Required work
Nothing but the lines from the one containing "this 1600×1067 image." through the last line of the entries should appear in the output, each verbatim.

>>>>

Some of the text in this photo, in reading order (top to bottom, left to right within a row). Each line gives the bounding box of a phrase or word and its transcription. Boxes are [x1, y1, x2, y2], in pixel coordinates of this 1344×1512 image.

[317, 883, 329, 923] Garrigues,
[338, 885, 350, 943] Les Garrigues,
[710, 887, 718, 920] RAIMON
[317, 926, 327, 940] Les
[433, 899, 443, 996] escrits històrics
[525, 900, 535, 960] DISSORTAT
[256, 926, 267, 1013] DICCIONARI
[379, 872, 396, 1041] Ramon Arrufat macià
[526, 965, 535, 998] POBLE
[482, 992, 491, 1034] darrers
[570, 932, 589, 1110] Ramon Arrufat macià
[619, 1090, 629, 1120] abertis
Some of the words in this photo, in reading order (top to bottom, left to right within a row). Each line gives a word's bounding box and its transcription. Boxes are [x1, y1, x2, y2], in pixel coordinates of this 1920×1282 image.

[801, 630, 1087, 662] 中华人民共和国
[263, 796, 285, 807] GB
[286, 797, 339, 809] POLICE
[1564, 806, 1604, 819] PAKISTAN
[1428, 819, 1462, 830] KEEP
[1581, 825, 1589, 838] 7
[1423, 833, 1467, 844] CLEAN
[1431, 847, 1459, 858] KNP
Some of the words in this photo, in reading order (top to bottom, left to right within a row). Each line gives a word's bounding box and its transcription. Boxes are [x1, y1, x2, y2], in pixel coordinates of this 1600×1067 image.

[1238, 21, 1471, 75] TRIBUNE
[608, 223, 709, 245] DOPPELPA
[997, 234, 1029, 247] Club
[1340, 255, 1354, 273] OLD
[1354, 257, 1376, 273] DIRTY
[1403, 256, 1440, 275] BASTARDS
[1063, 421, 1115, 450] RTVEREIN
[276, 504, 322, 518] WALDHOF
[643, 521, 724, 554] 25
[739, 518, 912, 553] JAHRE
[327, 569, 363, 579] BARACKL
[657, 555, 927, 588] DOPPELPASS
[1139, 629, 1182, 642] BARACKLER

<<<<

Result of the task
Some of the words in this photo, in reading order (top to bottom, left to right within a row). Each line gives a word's bounding box and its transcription. Boxes are [x1, y1, x2, y2], in pixel coordinates of this 1600×1067 image.

[1238, 21, 1471, 75] TRIBUNE
[608, 223, 709, 245] DOPPELPA
[997, 234, 1029, 247] Club
[1340, 255, 1354, 273] OLD
[1354, 257, 1376, 273] DIRTY
[1403, 256, 1440, 275] BASTARDS
[1063, 421, 1115, 450] RTVEREIN
[276, 504, 322, 518] WALDHOF
[643, 521, 724, 554] 25
[739, 518, 912, 553] JAHRE
[327, 569, 363, 579] BARACKL
[657, 555, 927, 588] DOPPELPASS
[1139, 629, 1182, 642] BARACKLER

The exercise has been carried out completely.